Input data ▸
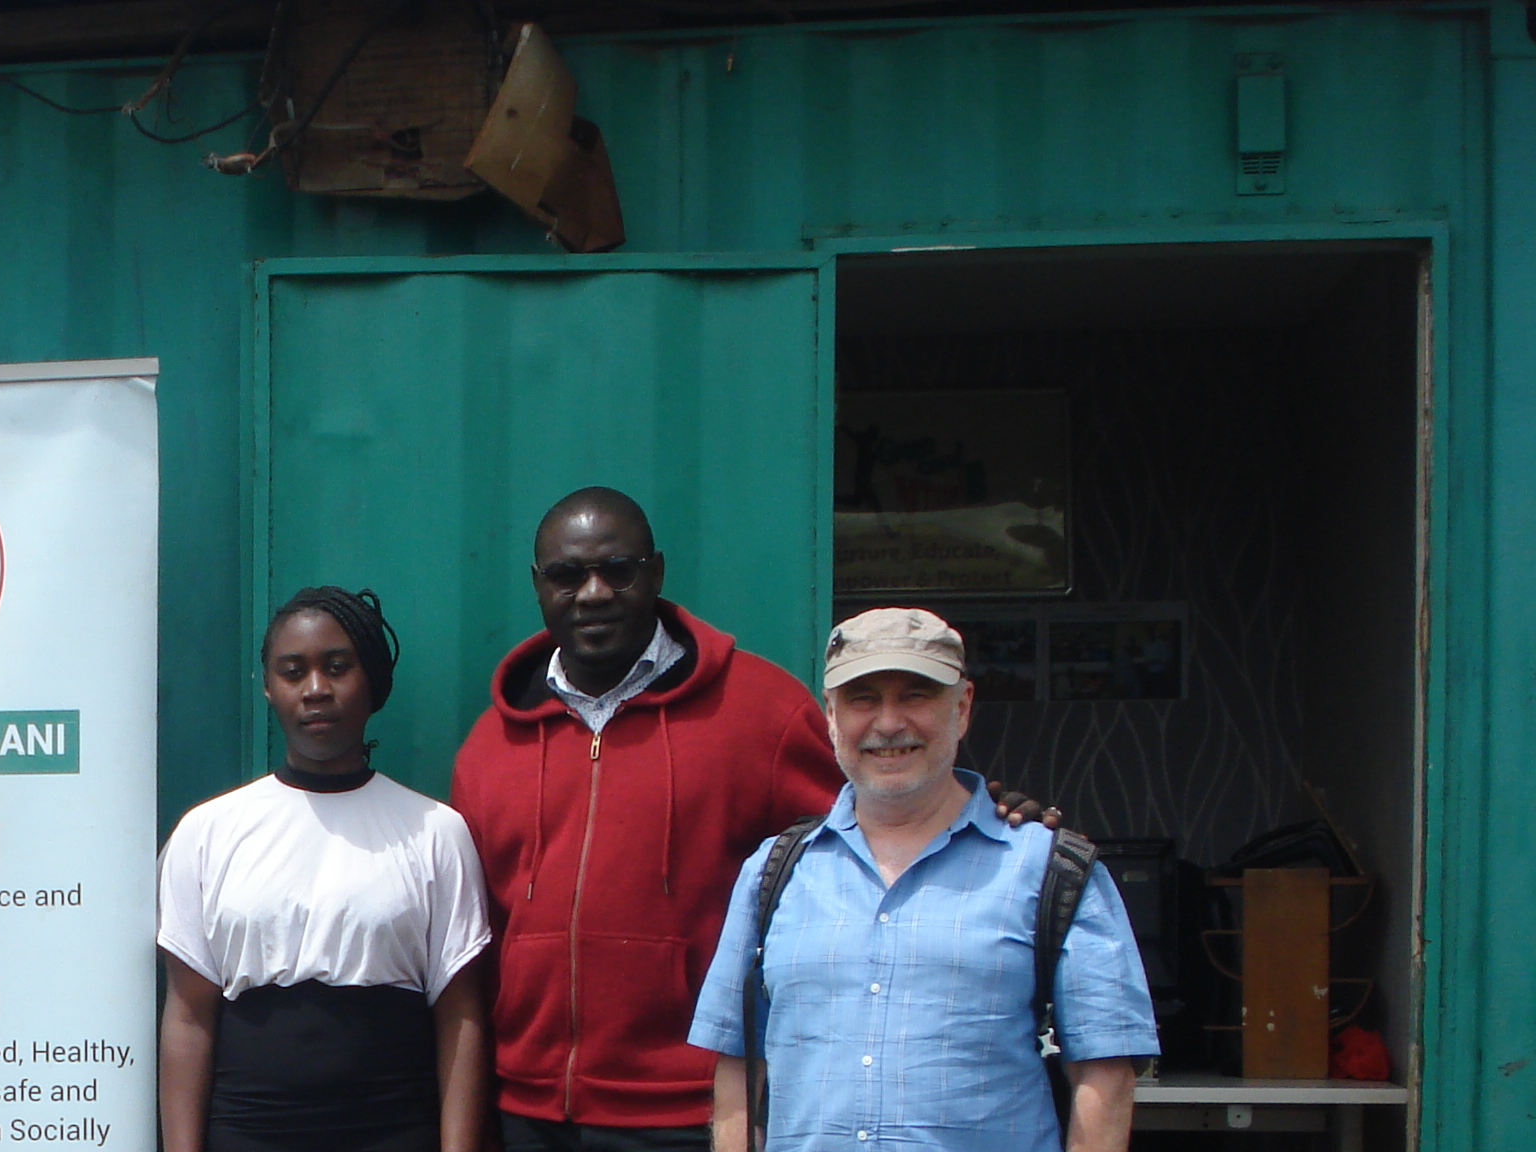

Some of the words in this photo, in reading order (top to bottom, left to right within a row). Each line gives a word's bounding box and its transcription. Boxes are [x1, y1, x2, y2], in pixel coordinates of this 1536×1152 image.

[835, 544, 901, 565] urture,
[35, 883, 81, 906] and
[33, 1040, 133, 1068] Healthy,
[51, 1079, 96, 1101] and
[11, 1118, 110, 1146] Socially

Instructions to follow ▸ Exact duplicates of all the entries are required, and no image may appear in them.

Result of the task ▸
Some of the words in this photo, in reading order (top to bottom, left to right within a row). Each line gives a word's bounding box and its transcription. Boxes are [x1, y1, x2, y2], in pixel coordinates of this 1536×1152 image.

[835, 544, 901, 565] urture,
[35, 883, 81, 906] and
[33, 1040, 133, 1068] Healthy,
[51, 1079, 96, 1101] and
[11, 1118, 110, 1146] Socially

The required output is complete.